Anne Commet, portrait photo Marie Levi
Découverte à l’occasion de l’exposition collective Sillons organisée par Laure Boucomont, fondatrice de l’association Fertile qui soutient artistes et résidents au Domaine de Toury (Bourgogne), je suis séduite par le travail d’Anne Commet et son rapport au paysage à partir d’une sédimentation entre photographie, peinture et vidéo, une technique très personnelle qui renvoie à la mémoire, la trace et à l’empreinte. Des cartographies de l’intime basées sur les souvenirs et les sensations riches de sens. Récemment installée dans le nouvel incubateur de Poush à Aubervilliers qui élargit les possibles sur 22 000 m² au total avec 12 bâtiments, 60 ateliers et plus de 150 artistes de 30 nationalités, je lui propose un entretien dans son bel et lumineux atelier à l’occasion de la visite presse organisée par Hervé Digne et Laure Collieux, co-fondateurs de POUSH et Yvannoé Kruger, directeur artistique.
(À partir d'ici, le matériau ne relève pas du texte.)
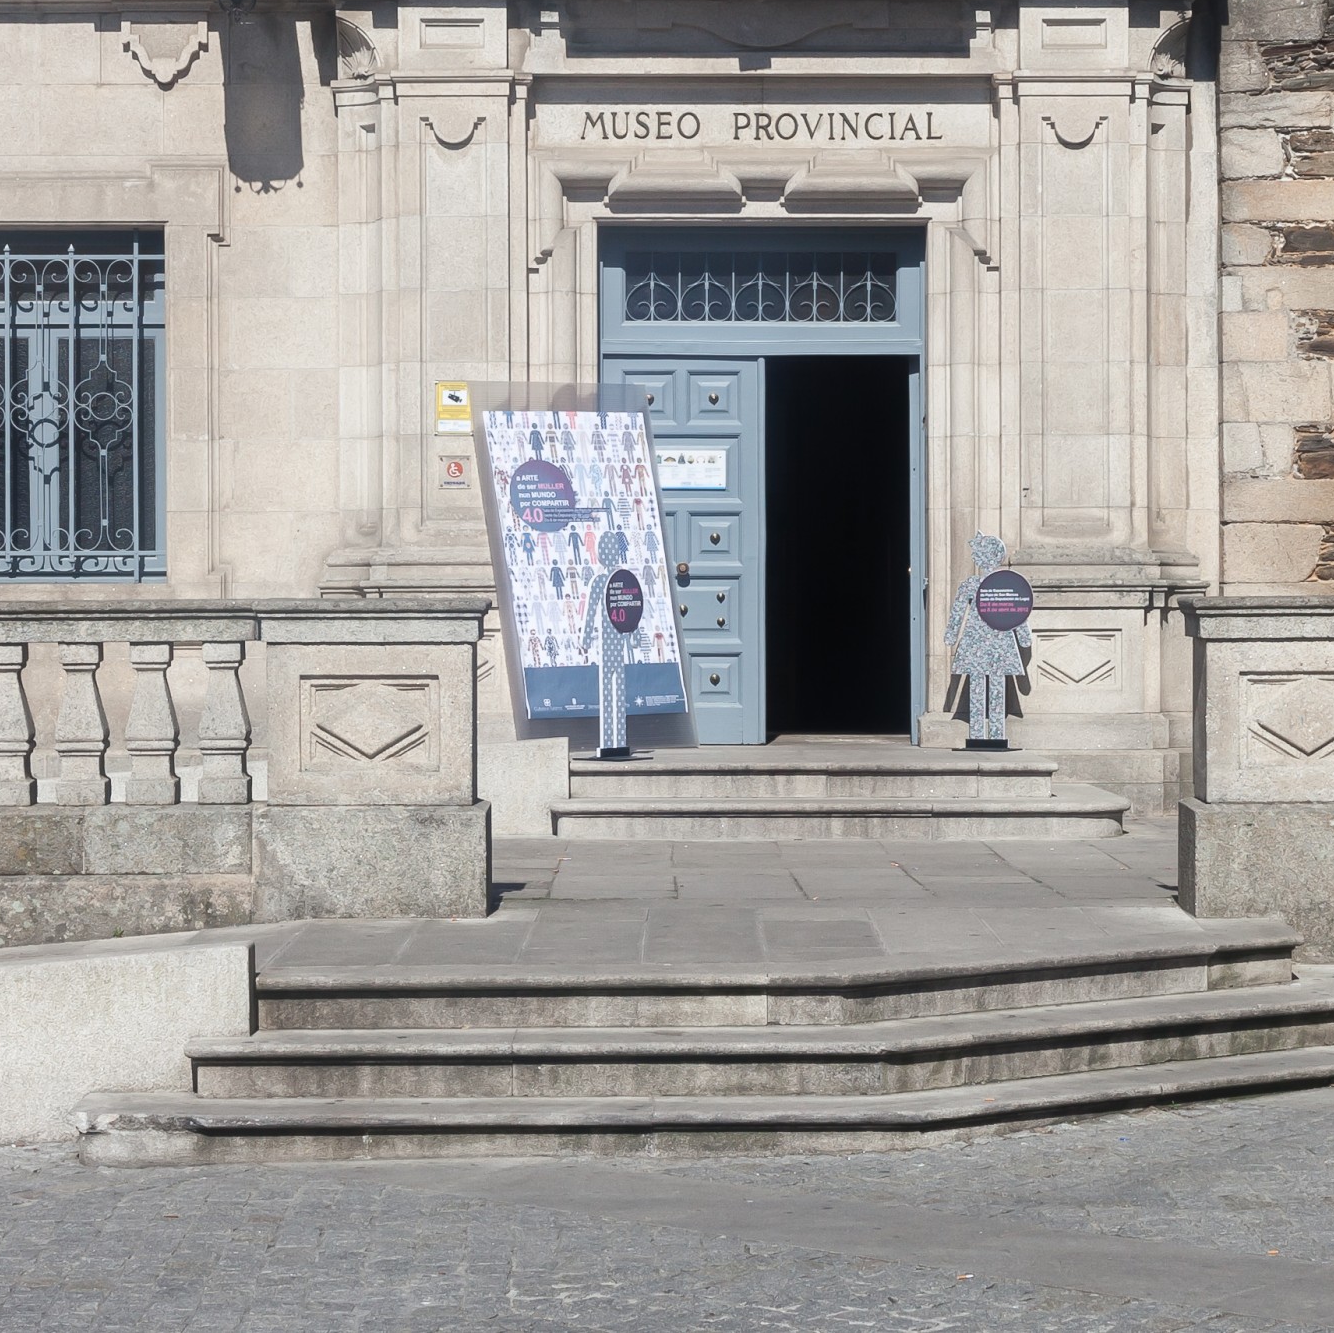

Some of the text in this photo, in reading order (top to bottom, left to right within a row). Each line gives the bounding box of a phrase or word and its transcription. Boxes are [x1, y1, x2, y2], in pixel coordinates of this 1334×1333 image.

[580, 111, 943, 141] MUSEO PROVINCIAL
[522, 508, 543, 523] 4.0
[611, 609, 625, 622] 4.0
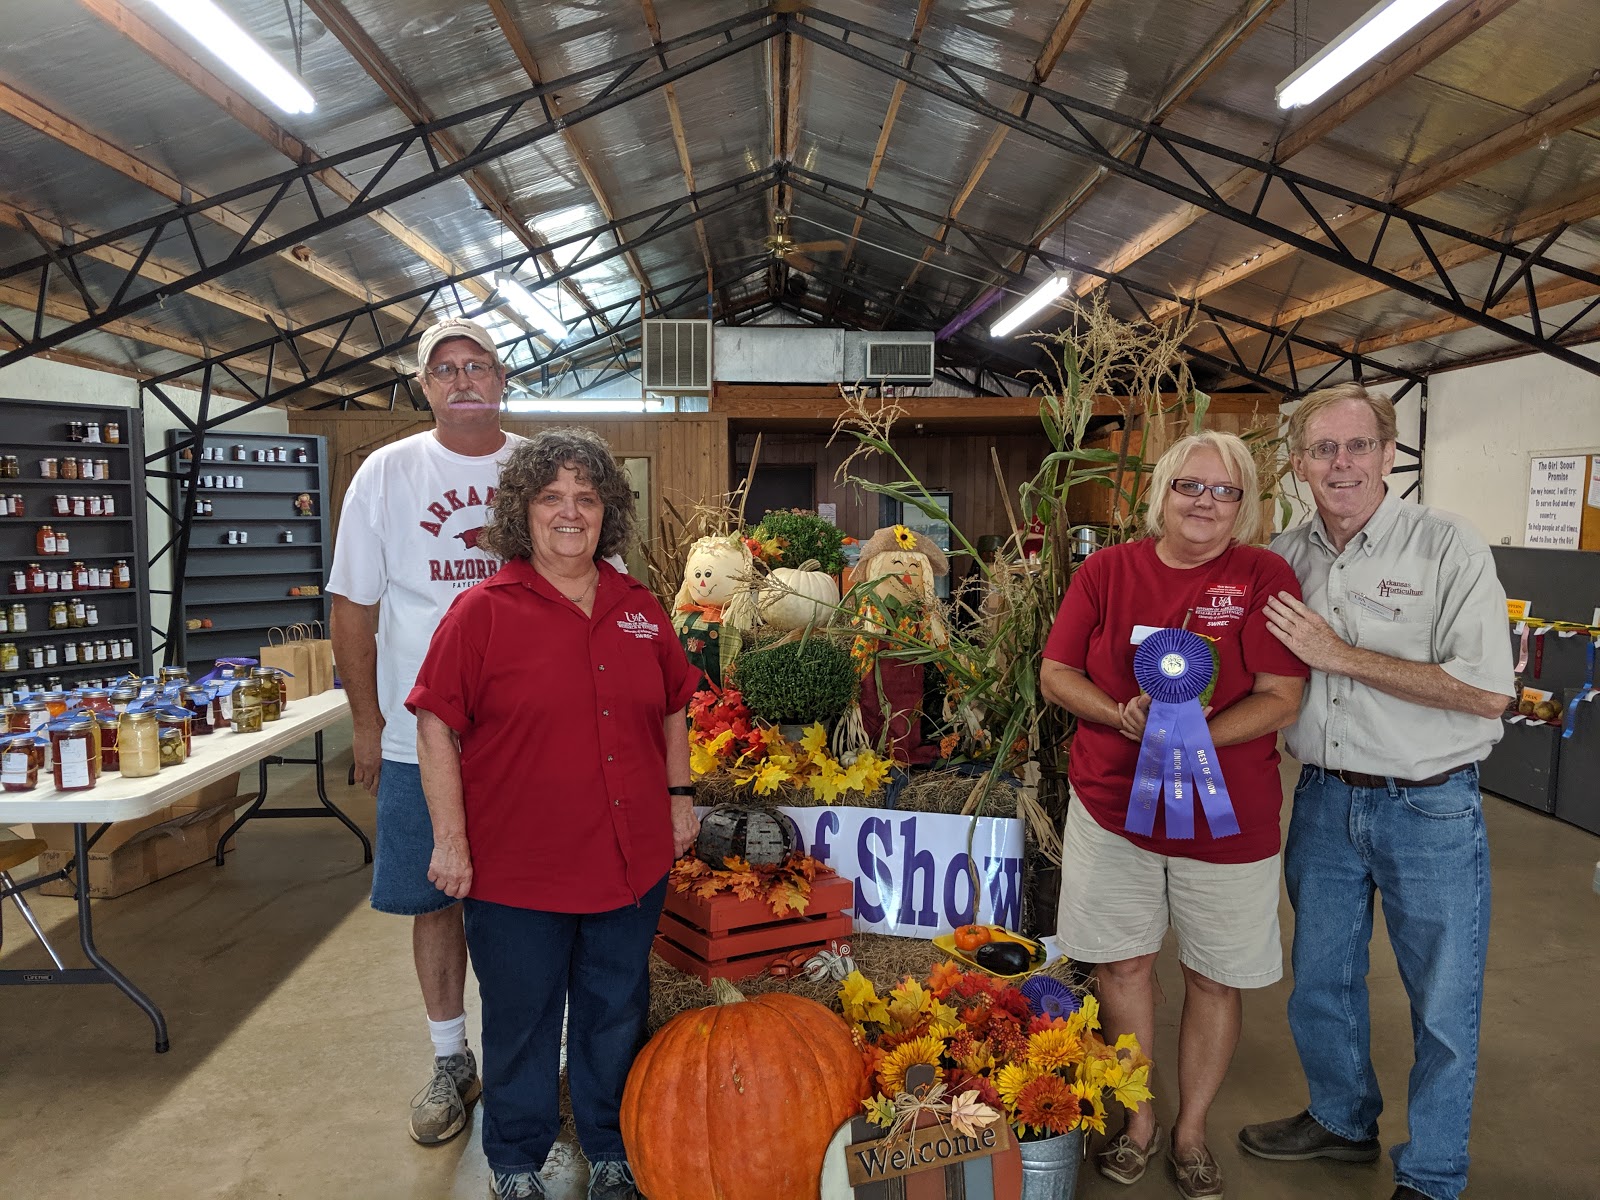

Rapport à l’expérience du paysage
Je travaille sur l’expérience du paysage, autour de deux thématiques fortes : la nature qui reste un enchantement dans un rapport à la poésie du lieu et le temps. C’est par la marche dans des territoires familiers et parcourus mille fois que se crée cette expérience. C’est un temps d’observation et de collecte notamment par la photo et la vidéo. Ces parcours répétitifs créent une intimité. Je dis souvent que je fais des portraits de paysage. J’ai aussi démarré un projet autour de portrait d’arbres, certains offrants des singularités incroyables. Dans ce portfolio vous pouvez découvrir des arbres photographiés dans l’Arboretum du parc de Versailles. Ce travail s’inscrit au long cours. Les arbres se révèlent une formidable expression de la mémoire et de la transmission.
La technique
Quel que soit le medium, je procède toujours avec la même technique, par transfert. En photographie, cela implique d’imprimer l’image avec une imprimante jet d’encre et transférer cette encre sur papier par l’intermédiaire d’une presse taille douce. Contrairement à la photographie où l’on a soit un passage d’impression, soit un bain révélateur, ce procédé implique une succession d’impressions et de manipulations qui demande du temps et fait de chaque transfert une pièce unique. C’est une technique hybride entre photo et gravure apprise auprès d’un ami graveur.
La peinture
Chacune de mes pièces se rapporte à un moment et un lieu précis. Si un transfert photographique va restituer de façon directe ce que j’ai vu, en peinture il s’agit de tout autre chose. Pour moi, il est question de ce qu’il me reste de cette expérience. Ce souvenir qui semble réduit à une abstraction assez minimale et colorée est en fait plus riche car au-delà d’une simple représentation visuelle, elle est pleine de sensations, de mouvements, de lumière, de sons, d’odeurs. En assemblant ces instants, ce que j’explore c’est la permanence et la fragilité, le souvenir que l’on garde d’un lieu ou d’un moment précis, la place de la trace et de l’empreinte.
Mon rapport à la marche et au paysage était venu nourrir mes recherches sur la manière de produire une image en peinture et en photo. Dans les deux cas, il est question de contact, d’absence et d’empreinte.
Les titres des œuvres découlent de mon rapport au lieu et au temps et aussi parfois avec des références empruntées à la littérature ou à la poesie avec notamment Philippe Jaccottet ou René Char, des personnes très importantes.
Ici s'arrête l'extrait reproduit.